Years ago, before I even had any idea to travel, I asked an acquaintance, an archeologist, what  memory was the most vivid he had about a place he had been:

“Mexico,”  he said after a few seconds.  “The smell of the earth.  It smelled different from  places I had dug in the U.S.”

I never think I am so affected by odors, having worked with  animals most of my life, but I will never forget riding on the back of Chris Bauer’s motorcycle from Zomba, in Malawi, 1992, where we had attended a party at a house on the plateau, back to Dumasi.

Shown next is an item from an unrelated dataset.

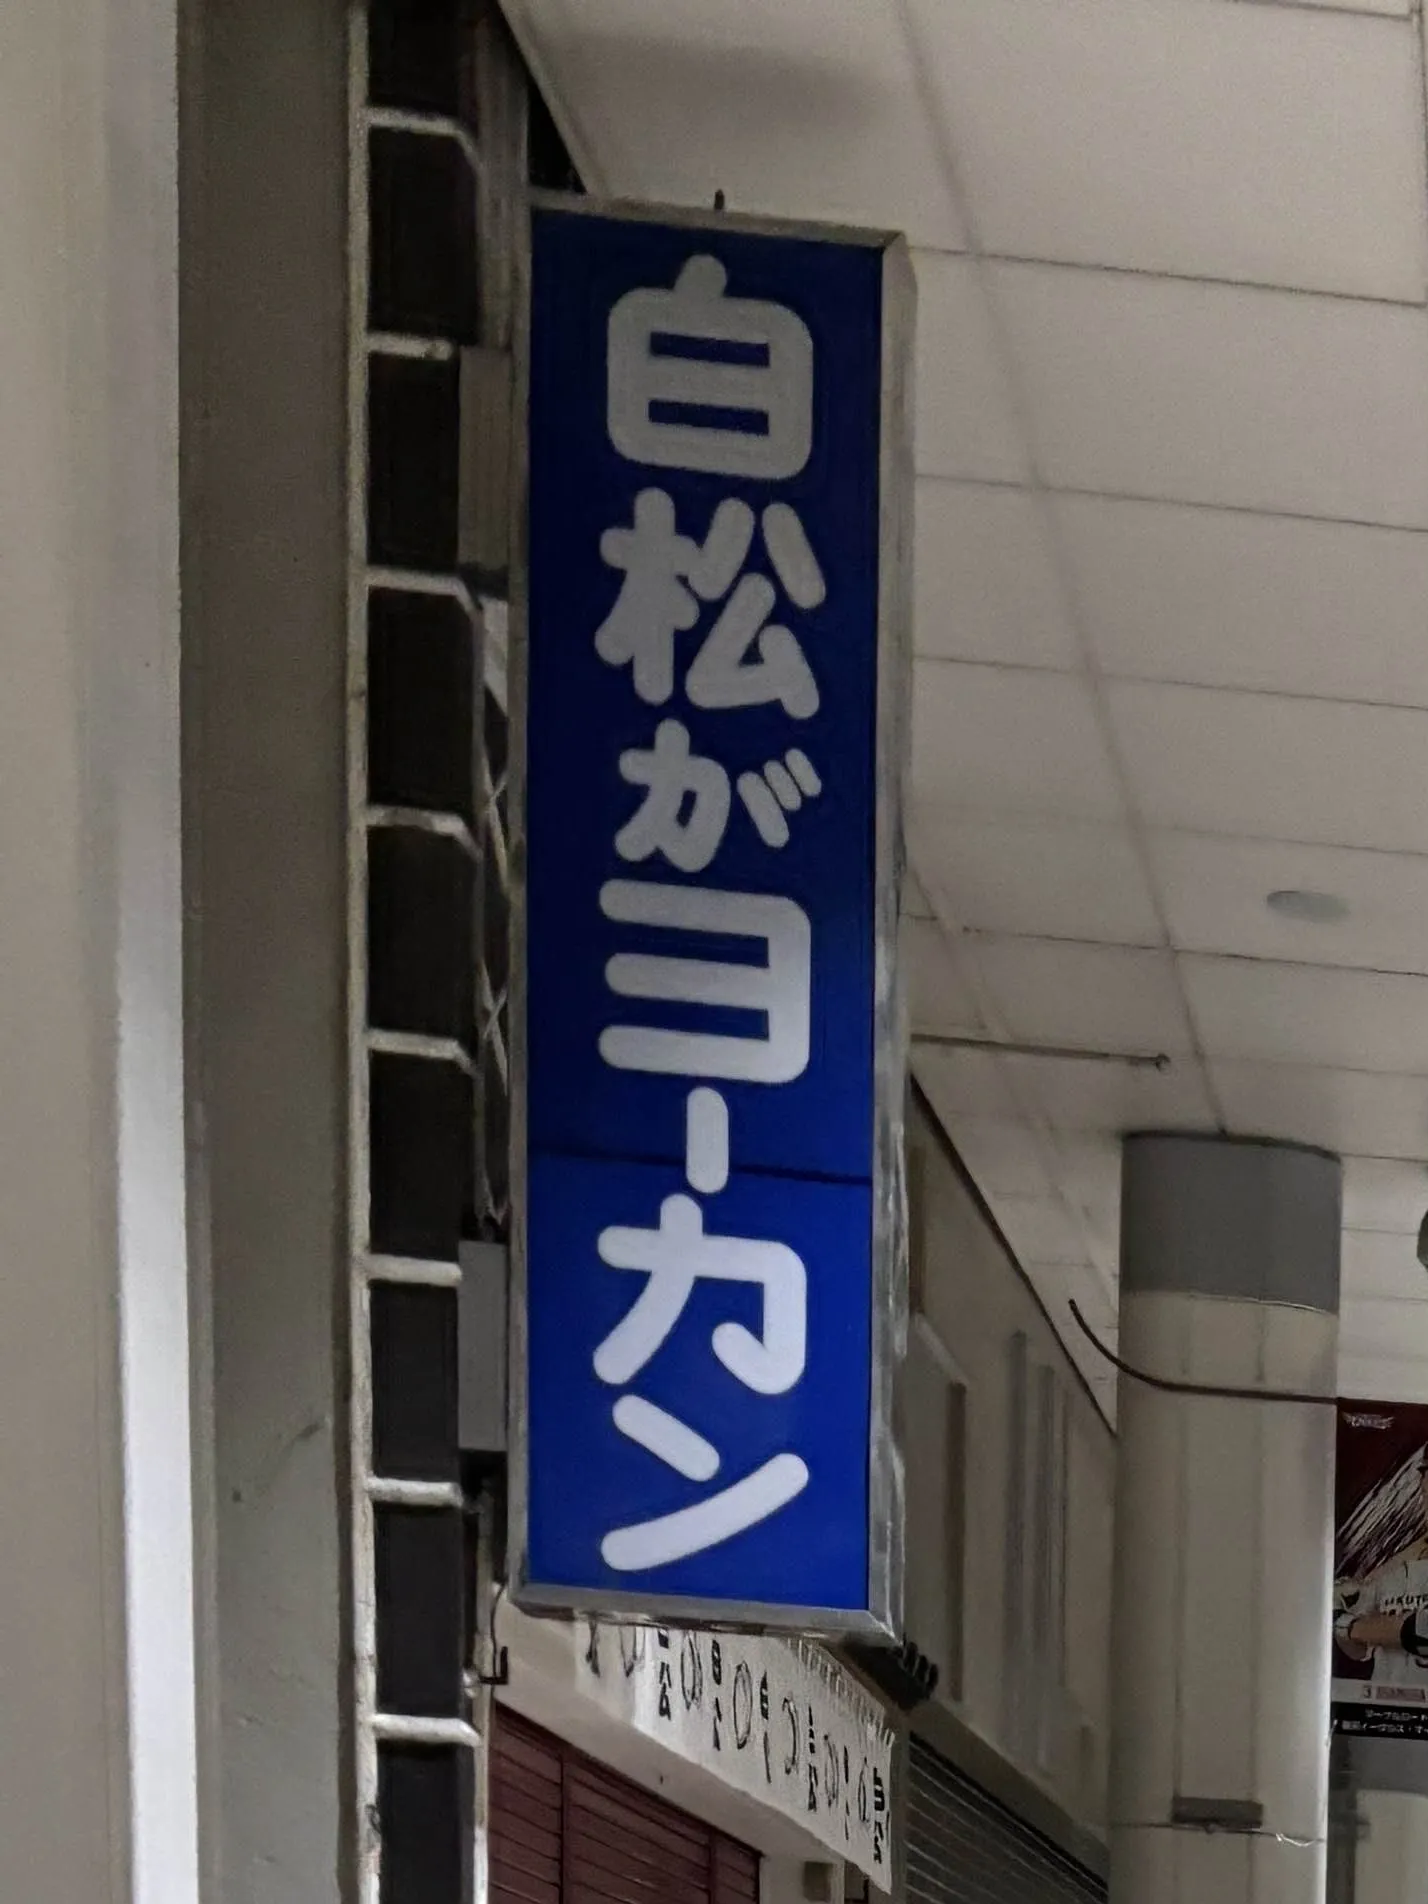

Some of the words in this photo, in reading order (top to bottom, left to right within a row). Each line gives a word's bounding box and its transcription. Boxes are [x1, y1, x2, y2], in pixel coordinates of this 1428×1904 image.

We had  to  ride past the Parliament building, which was all lit up (in a country that either could not or would not extend electricity to the rural areas), then through Zomba town, where  the Queen-of-the-Night was in full bloom about midnight, it’s extremely sweet scent wafting over us for about  a mile.  It was amazing.

I’ve actually been thinking of expatriating myself since my first trip to Africa (Tanzania). At the time, the reasons was the ‘exotic’. Mangoes every day (imagine, my Japanese roommate thinks apples and deciduous trees are exotic. He’s taken photos of our huge snowfalls).
Now, the reason is a better quality of life. I am glad I do not have any student loans. I can’t imagine what young people are thinking–incurring over $80,000 in loans, when the chances of making an annual salary approaching that are slim to none. Possibly, with law or medical degrees, possibly with a Ph.D.—you might make a living, but if you’ve read Barbara Ehrenreich’s “Bait and Switch,” you know making a living is the luck of the draw. It’s especially all luck if you don’t go to an elite graduate school & have a network, and are not ‘normal’ in personality.
At one time, I thought I would like to live in East Africa, but the fact of the matter is, unless you are an elite, life is difficult. That’s why there’s the brain drain. The educated know they have to get out not just to make a living, but to survive.
I am looking into Costa Rica, Panama, and Belize.
Why? Language is part of the reason. I can probably learn enough Spanish to get by, but English is widely spoken in all 3 countries. Literacy is high. Health care is good, and land rents are comparable to places like Arizona, Cincinnati. You get infrastructure in your home. Their economies & political systems are stable.
Chicago, being a major market, has gotten just too expensive. Between property taxes and energy costs (read that: heating fuel), I must say it’s a great place to visit, but truth be told, I’d get more out of visiting than actually living here.
Yes, my family and most of my friends are here, but how often do I see them? Due to work & our schedules, hardly at all.
Because of the price of energy, I haven’t been able to do race practice with my dogs this season. We’d have to schlep out to Gardner. That’s 80 miles from Chicago.

Part of the problem is the economy, but  the economy is not going to improve for most of us.  It’s going  to ‘straighten out’, and we’re going to get used to how things are, but  another fact that most people don’t want to address, because we can’t do anything about it, is land rents are high.  Even with the  ‘market correction’, our  homes cost a lot to buy and maintain.  Were I to put the money into  just living, I’d have a better quality of life.

Health care costs are lower in  Central America, for a number of reasons. They will not get lower in the U.S. because of how capitalism works.

I have started asking RPCV about their experiences where they served.  Anyone who has stayed in one place for over 3 months, please email me and tell me  the pros & cons, and  if you know of any rules for setting up permanent residency.

Most places want you have a financial  core to prove economic stability.